Issuing Body: APIMA Research & Statistics Center
Survey Period: January 2026 – March 2026
Sample Scope: Over 850 manufacturing enterprises across 18 major economies in the Asia-Pacific region, covering sub-sectors including Electronics, Automotive, Machinery, Chemicals, and Textiles (encompassing large, medium, and small enterprises).
Calculation Benchmark: The index uses 50% as the Boom-Bust Line (Neutral Point). >50% indicates expansion/optimism; <50% indicates contraction/pessimism.
I. Core Data Overview
1. APIMA Composite Manufacturing Confidence Index (AMCI): 52.8
(Up 1.3 points from 51.5 in Q4 2025. The index has remained in the expansion territory for three consecutive quarters, indicating a moderate recovery in overall sentiment within Asia-Pacific manufacturing.)
2. Core Readings of Sub-Indices:
- New Orders Index: 53.5 (Demand side continues to recover, with export orders contributing significantly.)
- Production Expectations Index: 54.1 (Enterprises maintain active production scheduling plans.)
- Supply Chain Resilience Index (APIMA Proprietary): 51.2 (Assessment of corporate supply chain anti-disturbance capabilities returns above the neutral line for the first time.)
- Green Digitalization Investment Index: 55.6 (Record high, driven by carbon compliance and smart factory upgrades.)
- Employment & Labor Index: 49.8 (Remains in contraction territory, reflecting ongoing automation substitution and skill mismatches.)
II. Regional and Sectoral Perspectives
1. Divergence in Regional Performance:
- East Asia (China, Japan, South Korea): Composite Index 53.5. Primary drivers stem from robust capital expenditure in high-end equipment, the new energy industry chain, and semiconductor equipment. Demand for "smart factory" upgrades in China remains strong.
- Southeast Asia (Vietnam, Thailand, Malaysia, Indonesia): Composite Index 52.1. Orders for electronics assembly and automotive parts are sufficient due to relocation, though some enterprises are constrained by power stability and rising logistics costs.
- South Asia (India): Composite Index 56.3 (Highest in the region). Benefits from a massive domestic demand market, active FDI inflows, and the global competitiveness of the pharmaceutical and textile sectors.
2. Sector Performance:
- High-Growth Tracks: New Energy Vehicles (NEV) & Lithium Batteries (Index 58.2), Industrial Robotics & Automation (57.4), Semiconductors (56.8).
- Under Pressure Tracks: Traditional Textiles & Apparel (48.5), Low-end Furniture Manufacturing (47.9). These sectors face the dual pressures of order diversion to lower-cost emerging locations and green trade barriers.
III. Key Findings and Business Concerns (Qualitative Summary)
1. The "Asia+1" Supply Chain Network Takes Shape:
Over 60% of surveyed multinational manufacturing enterprises indicated that their regional supply chain layout has shifted from a "Single China + Backup" model to a "Multi-Node (e.g., China + Vietnam + India) Mesh Collaboration" structure. The application of the APIMA-STD-MDI data standard was cited as facilitating "plug-and-play" scheduling of cross-border production capacity.
2. AI and Automation Become "Mandatory" Rather Than "Optional":
Against the backdrop of rising labor costs and an aging workforce, 75% of enterprises plan to increase budgets for "Embodied Intelligent Robots" or "AI Agent Scheduling Systems" in 2026. Expectations for the application of humanoid robots in long-tail processes within the automotive and electronics industries are heating up.

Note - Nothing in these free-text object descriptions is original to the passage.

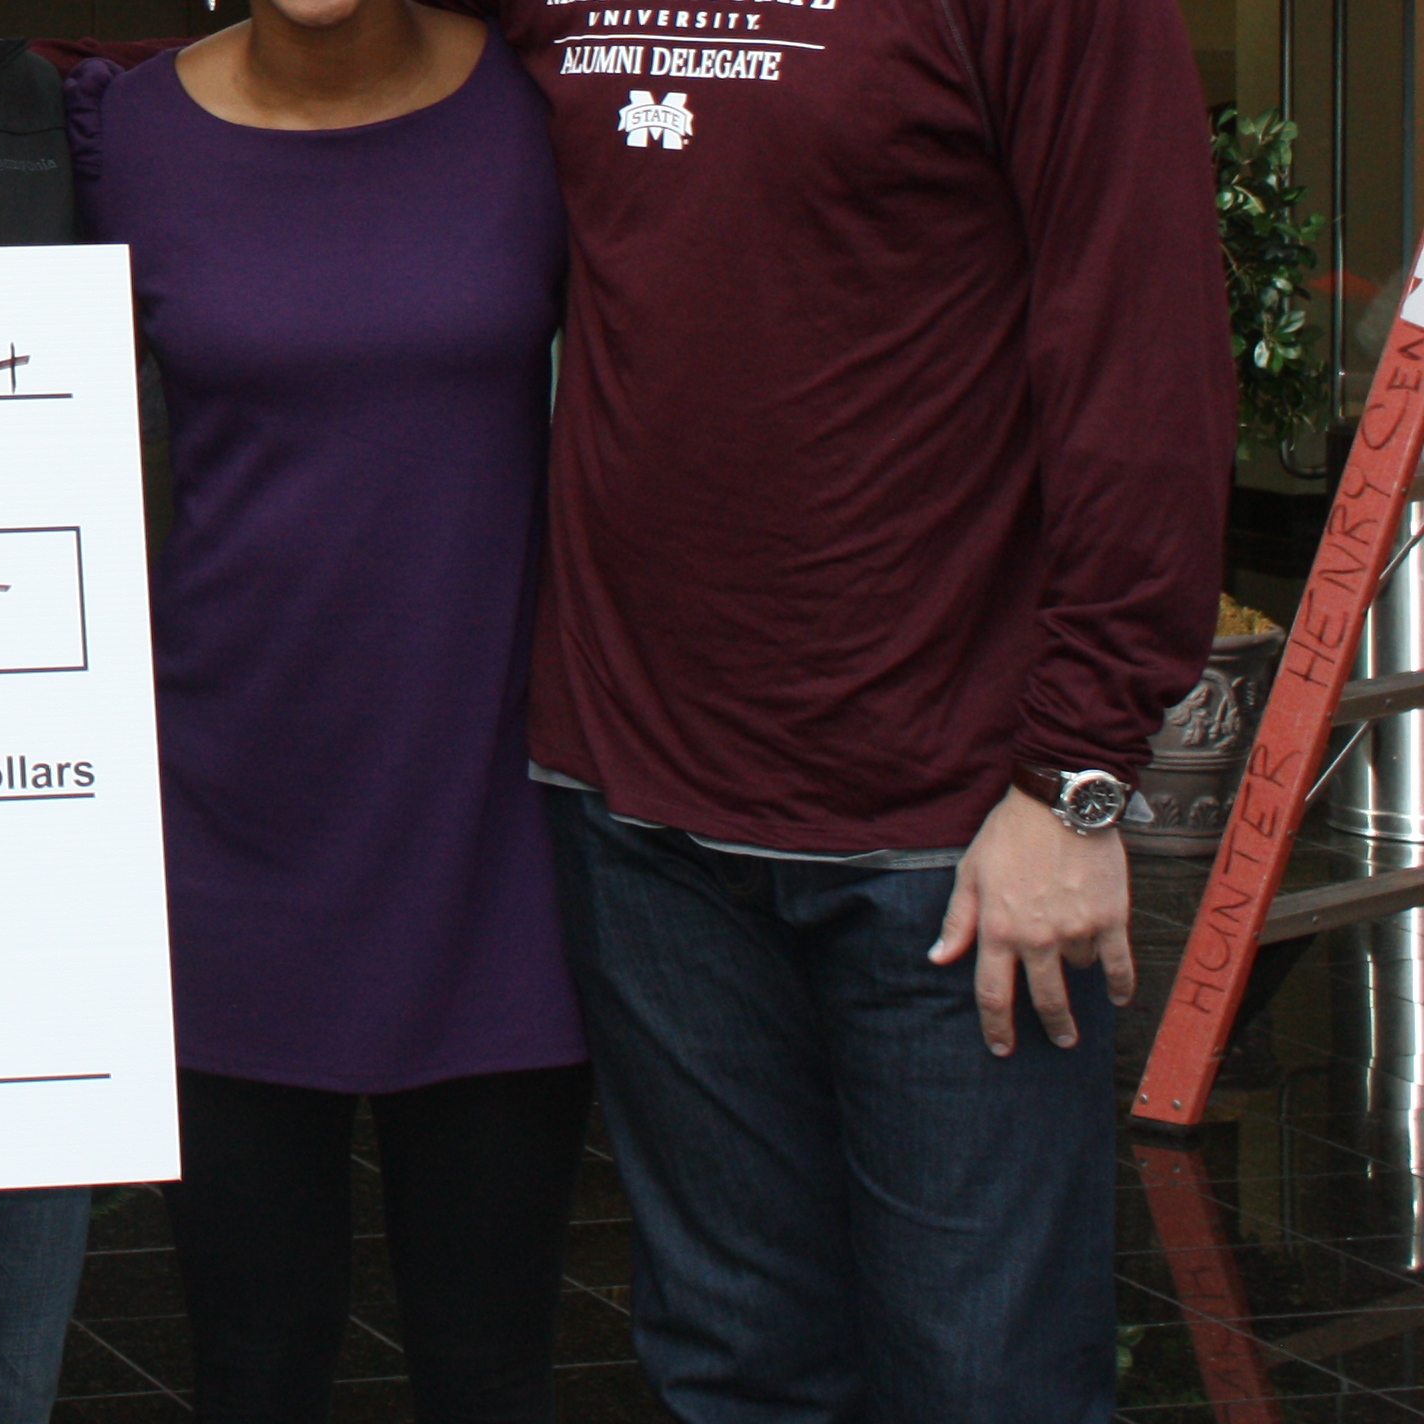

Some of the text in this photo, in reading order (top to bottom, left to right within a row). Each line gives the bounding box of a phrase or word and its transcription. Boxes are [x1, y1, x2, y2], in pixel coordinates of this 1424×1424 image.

[560, 45, 782, 81] ALUMNI DELEGATE
[631, 108, 682, 127] STATE
[1177, 744, 1302, 1014] HUNTER
[1286, 465, 1391, 688] HENRY
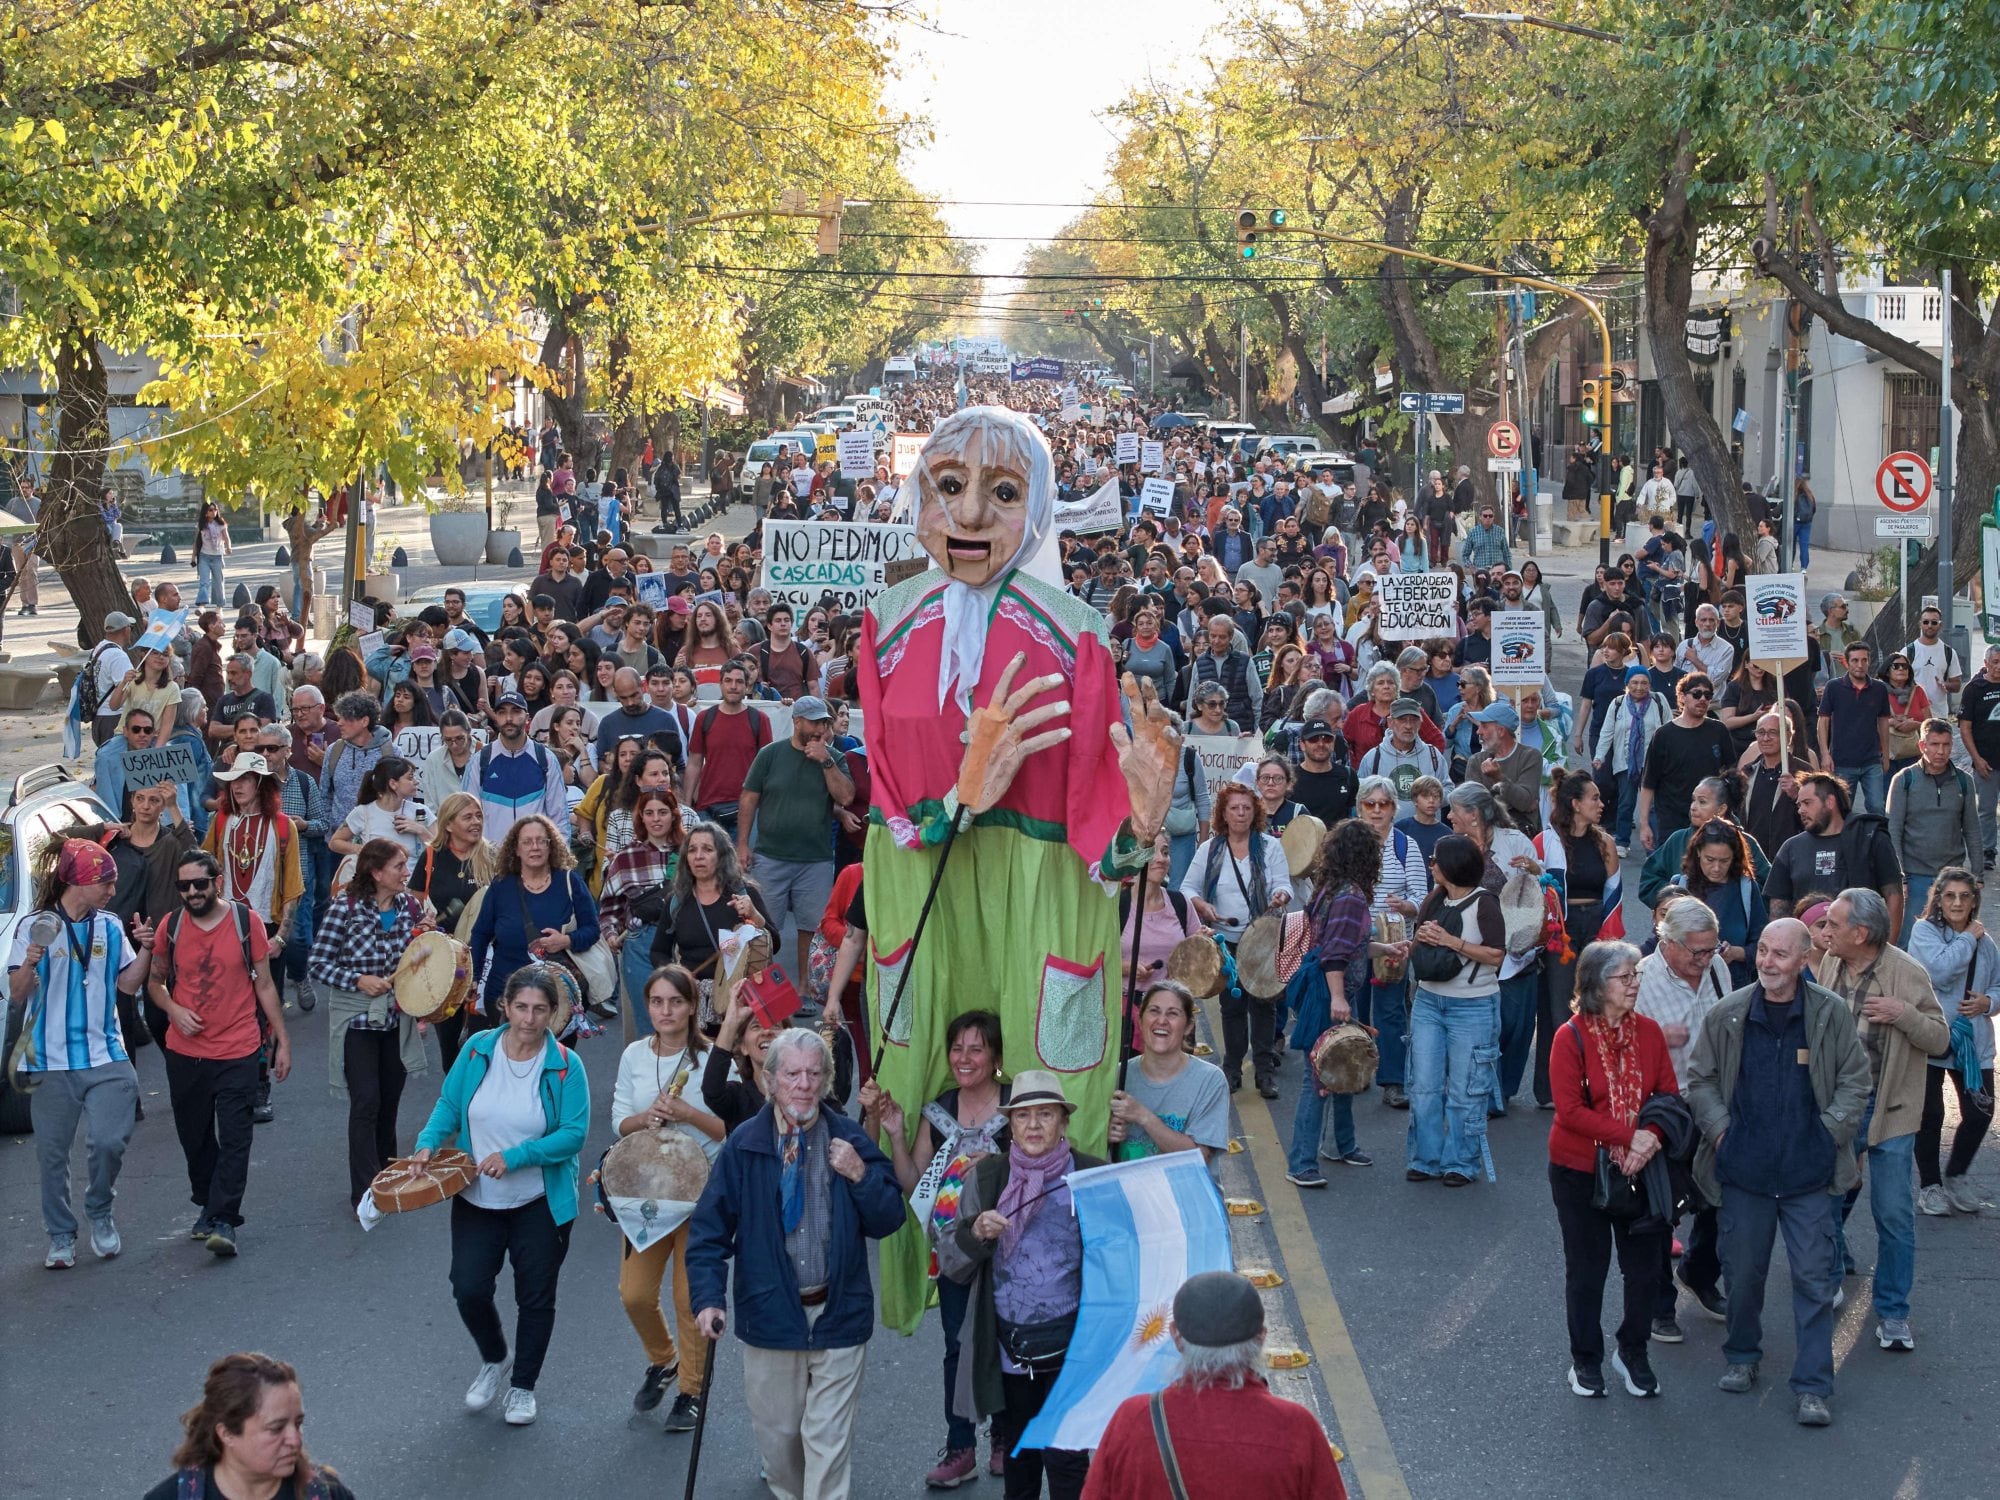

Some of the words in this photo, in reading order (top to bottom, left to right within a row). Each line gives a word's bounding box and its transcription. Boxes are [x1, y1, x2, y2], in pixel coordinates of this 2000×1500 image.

3. Carbon Compliance (CBAM, etc.) Forces Green Automation Investment:
Export-oriented enterprises (particularly in steel, aluminum, chemicals, and plastics) are accelerating the deployment of production-line-level energy monitoring and Product Carbon Footprint (PCF) data collection systems, viewing them as a "trade passport" essential for maintaining export competitiveness.
4. Major Risk Points:
- Supply instability of key minerals (lithium, rare earths, chip materials) due to geopolitical disturbances.
- Recovery in developed market demand falling short of expectations.
- Bottlenecks in power and digital infrastructure in parts of the region.
IV. Q2 2026 Outlook
Based on the Future Expectations Sub-Index reading of 54.3 in Q1 2026, APIMA anticipates that Asia-Pacific manufacturing will continue its moderate expansion trend in the second quarter of 2026. Key variables to watch include:
- Actual order fluctuations following the official imposition of EU CBAM taxes;
- The impact of the Federal Reserve's interest rate policy on capital outflows from emerging markets;
- The pace of infrastructure follow-up (especially power and data centers) within ASEAN.
"Data is not just a dashboard; it is a navigation system. On the complex course of the dual-track transition (Green + Digital), quantifying confidence is just as important as quantifying resilience."